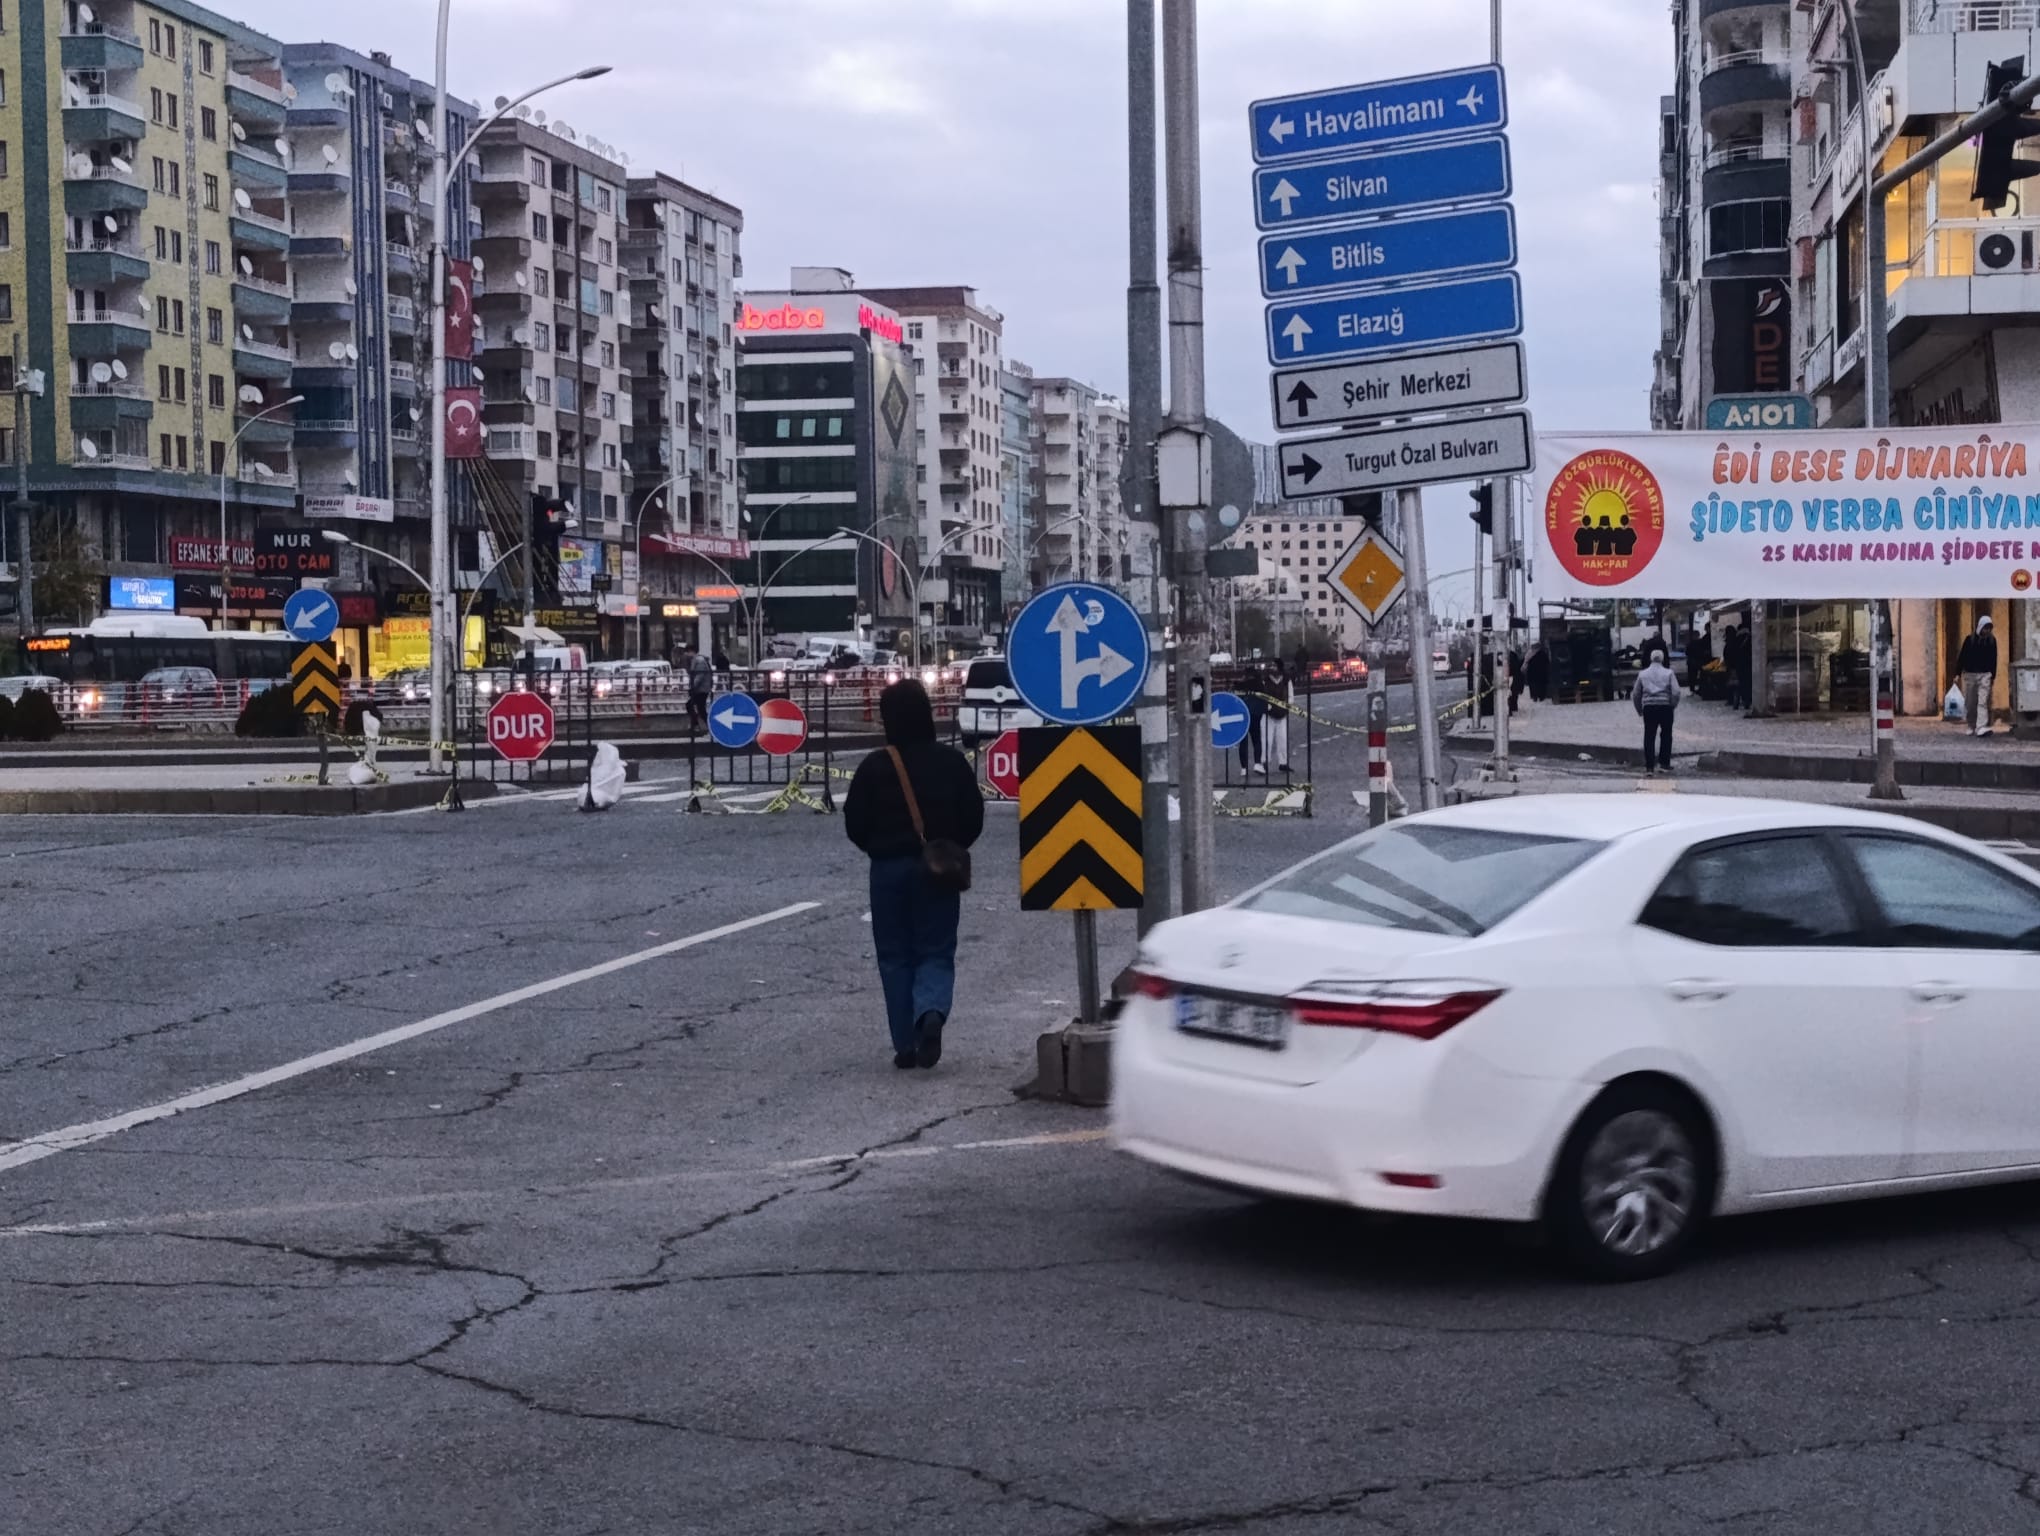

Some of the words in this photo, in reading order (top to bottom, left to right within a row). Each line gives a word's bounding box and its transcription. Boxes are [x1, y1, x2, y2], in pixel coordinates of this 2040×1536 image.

[1305, 98, 1445, 138] Havalimanı
[1326, 173, 1389, 202] Silvan
[1331, 242, 1386, 271] Bitlis
[1338, 307, 1405, 338] Elazığ
[1342, 378, 1390, 409] Şehir
[1400, 367, 1471, 398] Merkezi
[1345, 448, 1397, 475] Turgut
[1400, 440, 1437, 465] Özal
[1441, 436, 1499, 461] Bulvarı
[1564, 454, 1644, 483] ÖZGÜRLÜKLER
[1712, 442, 1761, 485] ÊDİ
[1770, 449, 1847, 483] BESE
[1553, 481, 1567, 498] VE
[1549, 501, 1558, 530] HAK
[1689, 491, 1794, 543] ŞÎDETO
[1802, 497, 1903, 532] VERBA
[178, 542, 212, 562] EFSANE
[273, 533, 312, 549] NUR
[1762, 545, 1786, 563] 25
[1792, 543, 1853, 562] KASIM
[1860, 542, 1935, 562] KADINA
[1941, 536, 2024, 566] ŞİDDETE
[256, 555, 289, 571] OTO
[297, 553, 332, 571] CAM
[1582, 559, 1629, 570] HAK-PAR
[493, 713, 546, 740] DUR
[993, 752, 1020, 777] DU

+-------+

Give back each line above verbatim, dropping every picture.

Some of the words in this photo, in reading order (top to bottom, left to right within a row). Each line gives a word's bounding box and its transcription. Boxes are [x1, y1, x2, y2], in pixel coordinates of this 2040×1536 image.

[1305, 98, 1445, 138] Havalimanı
[1326, 173, 1389, 202] Silvan
[1331, 242, 1386, 271] Bitlis
[1338, 307, 1405, 338] Elazığ
[1342, 378, 1390, 409] Şehir
[1400, 367, 1471, 398] Merkezi
[1345, 448, 1397, 475] Turgut
[1400, 440, 1437, 465] Özal
[1441, 436, 1499, 461] Bulvarı
[1564, 454, 1644, 483] ÖZGÜRLÜKLER
[1712, 442, 1761, 485] ÊDİ
[1770, 449, 1847, 483] BESE
[1553, 481, 1567, 498] VE
[1549, 501, 1558, 530] HAK
[1689, 491, 1794, 543] ŞÎDETO
[1802, 497, 1903, 532] VERBA
[178, 542, 212, 562] EFSANE
[273, 533, 312, 549] NUR
[1762, 545, 1786, 563] 25
[1792, 543, 1853, 562] KASIM
[1860, 542, 1935, 562] KADINA
[1941, 536, 2024, 566] ŞİDDETE
[256, 555, 289, 571] OTO
[297, 553, 332, 571] CAM
[1582, 559, 1629, 570] HAK-PAR
[493, 713, 546, 740] DUR
[993, 752, 1020, 777] DU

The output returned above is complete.